A vida de Ronaldo Nazário daria um filme. E isso não é uma figura de linguagem. A história desse personagem segue realmente todas as regras para uma boa história. Dizem os manuais de roteiro que para fazer sucesso uma narrativa deve ter obrigatoriamente seis pontos: apresentação do personagem, crise, recuperação, preparação para o grande confronto, clímax e final feliz. Pois bem, na Copa de 94 temos o primeiro passo, a apresentação do personagem. O menino dentuço é o reserva de um grupo que conquista o título para seu país após 24 anos de frustrações. Ele cresce e, na Copa de 98, já é o melhor do mundo. Tem tudo para vencê-la. Seria a maior glória de sua carreira. Mas aí vem o passo de número dois: a crise. Vemos sua convulsão, e a derrota por 3 a 0. É aquele momento em que o herói vê o seu sonho cair por terra. Ele sofre vários reveses. “Está acabado”, dizem todos ao ver o osso do joelho como que saltando para fora da pele. Mas Ronaldo continua lutando. Então vem a recuperação, o passo três, conseguida após um árduo trabalho. Passa o tempo, e ele ganha uma segunda chance. Está novamente numa Copa do Mundo. É a preparação para o grande confronto. Um a um os adversários vão caindo, até que chega a hora de enfrentar o inimigo final. Que, como deveria ser, é o mais poderoso possível: a Alemanha. Para deixar as coisas ainda melhores, o inimigo é personificado em Kahn, que tem nome e costeleta de vilão. Começa o duelo. O mocinho tenta uma, duas, três vezes, mas nada. O clima já é de apreensão quando, para a ira de Kahn, ele consegue vazar a meta contrária. Minutos depois, nosso herói sela a vitória e faz seu país explodir de alegria. Eis o último passo, o final feliz.

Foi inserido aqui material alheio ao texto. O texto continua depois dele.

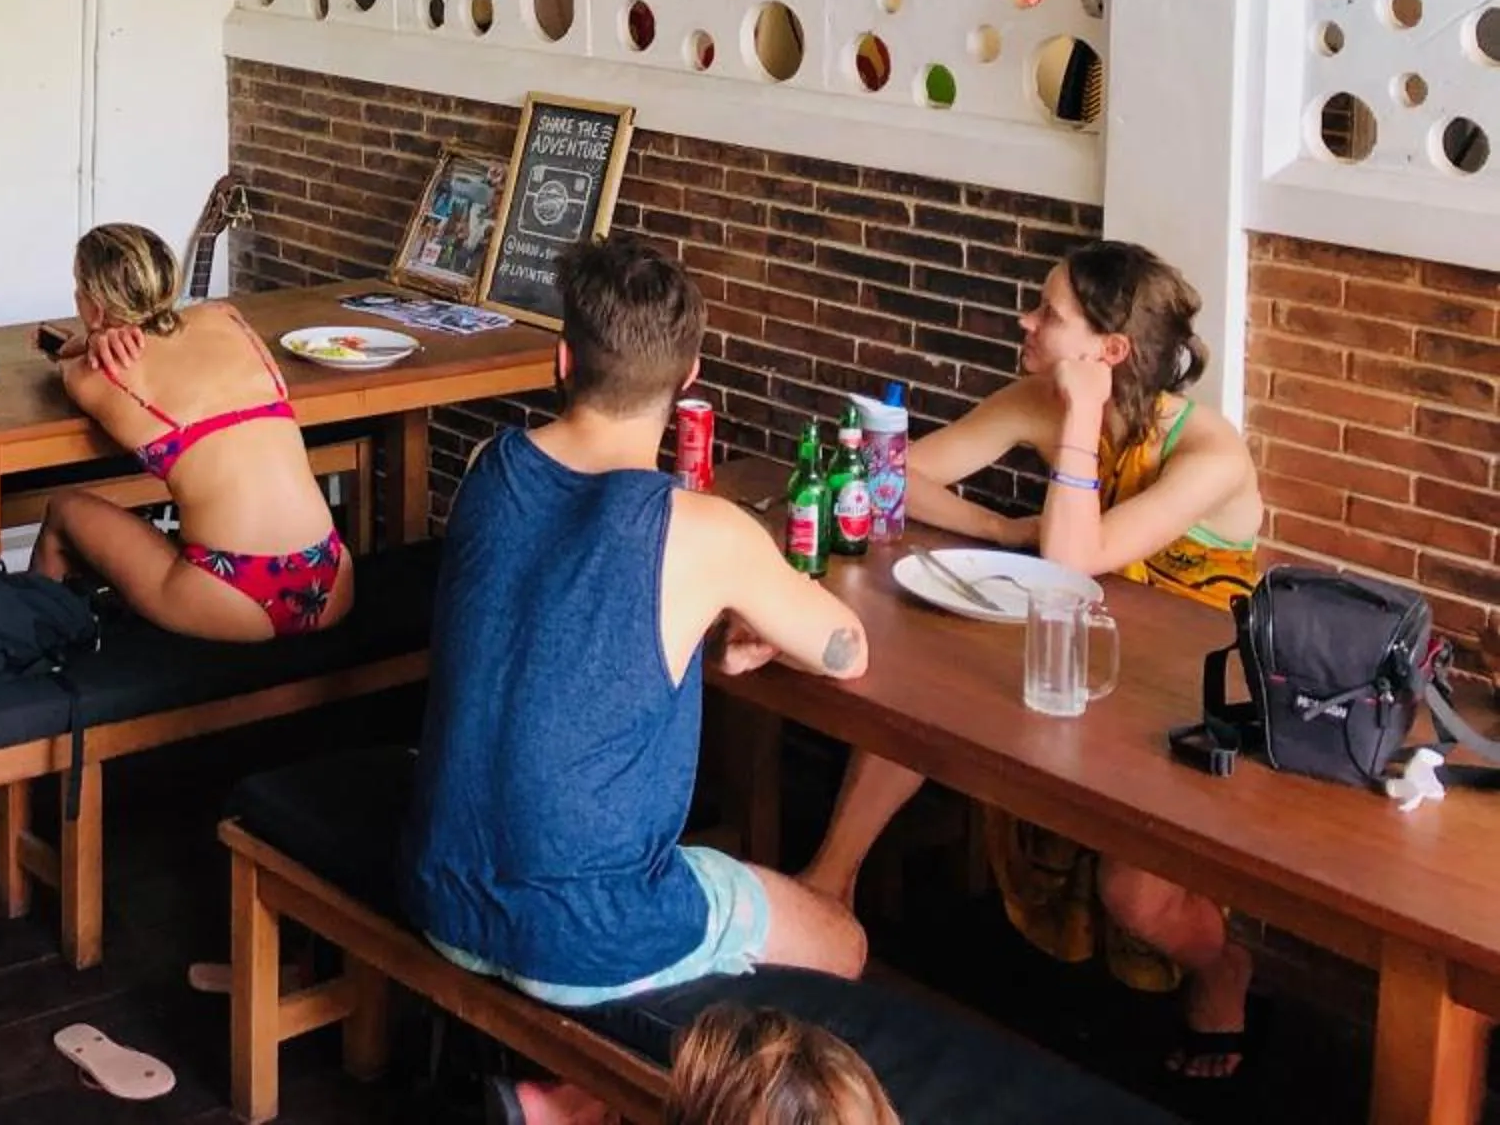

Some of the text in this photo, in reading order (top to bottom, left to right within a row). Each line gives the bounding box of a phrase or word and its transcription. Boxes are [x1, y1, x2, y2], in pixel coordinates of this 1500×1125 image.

[538, 116, 601, 138] SHARE THE
[531, 133, 609, 160] ADVENTURE

No futebol o jogador pode obter o título de herói em um lance decisivo de uma partida, porém isso é bastante fugaz, pois no jogo seguinte ele pode sair vaiado de campo pela mesma torcida que havia vibrado com ele dias atrás. O ídolo apresenta um maior capital simbólico,3 pois a sua trajetória é construída com base em diferentes acontecimentos, dentre os quais destaca-se a necessidade de jogar no selecionado nacional, a identificação com a torcida; somado a isso, precisa da potencialização da mídia, que por meio de um processo de exposição intensa do candidato a ídolo acaba influenciando o imaginário coletivo, sedimentando uma imagem quase intocável.

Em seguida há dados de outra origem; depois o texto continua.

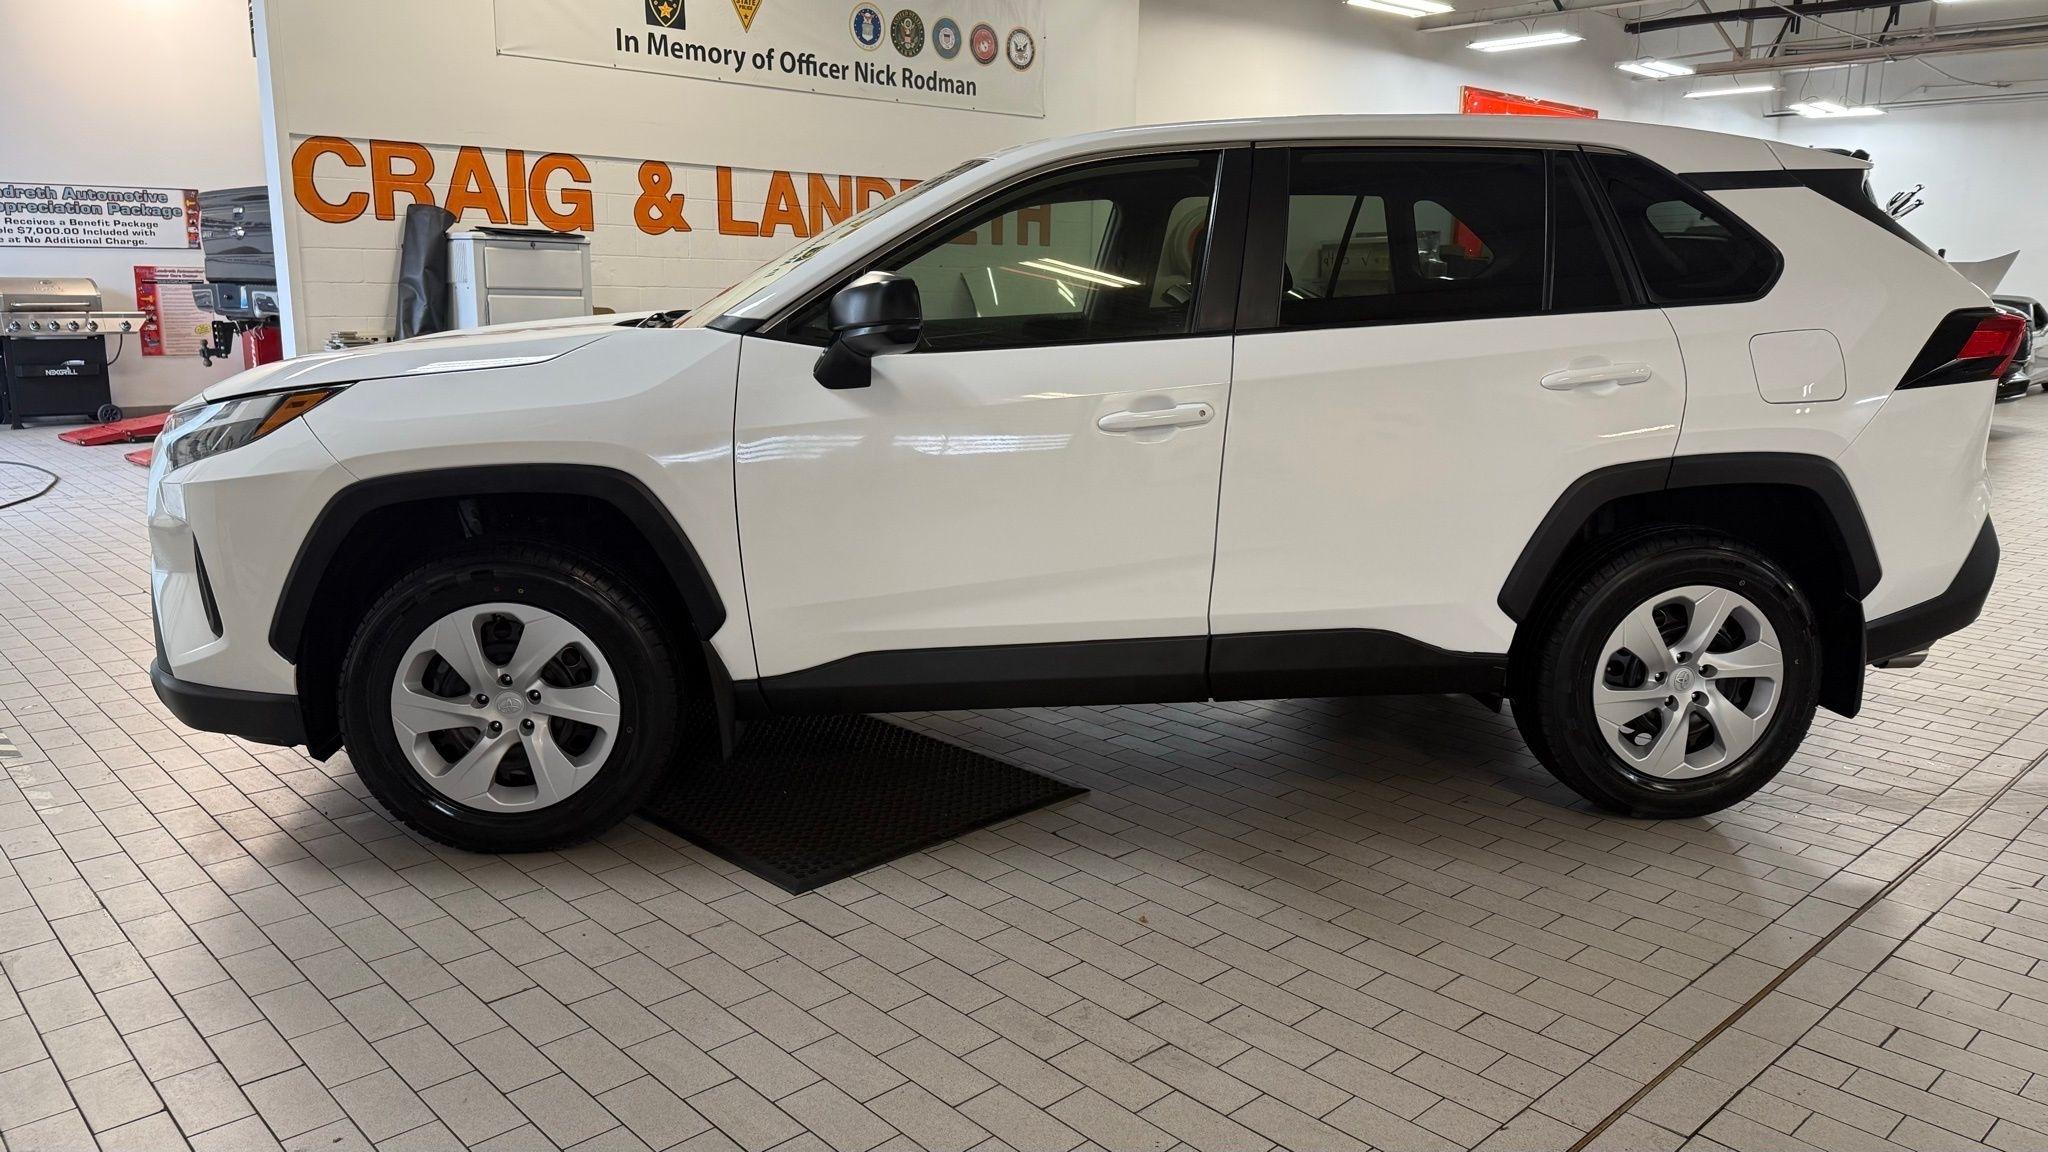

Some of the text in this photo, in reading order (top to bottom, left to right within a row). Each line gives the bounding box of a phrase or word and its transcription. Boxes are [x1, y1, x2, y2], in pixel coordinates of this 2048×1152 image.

[616, 28, 977, 96] In Memory of Officer Nick Rodman
[292, 135, 594, 232] CRAIG
[634, 160, 692, 235] &
[62, 187, 168, 203] Automotive
[107, 202, 183, 220] Package
[4, 217, 55, 226] Receives
[69, 219, 110, 227] Benefit
[113, 220, 159, 229] Package
[17, 227, 79, 235] $7,000.00
[83, 228, 129, 236] Included
[45, 236, 102, 244] Additional
[105, 237, 148, 246] Charge.
[45, 366, 78, 376] NEXGRILL

O surgimento efetivo de Ronaldo como atleta do selecionado nacional aparece em um momento de descrédito do futebol brasileiro. Há 24 anos sem vencer a Copa do Mundo, classificada para o mundial com muitas dificuldades e com uma equipe que não havia convencido o torcedor, pois a equipe só conseguia bons resultados contra seleções sem representatividade no cenário esportivo. Em jogos considerados clássicos, os resultados não permitiam que o torcedor acreditasse na equipe (FOLHA DE SÃO PAULO, 1996).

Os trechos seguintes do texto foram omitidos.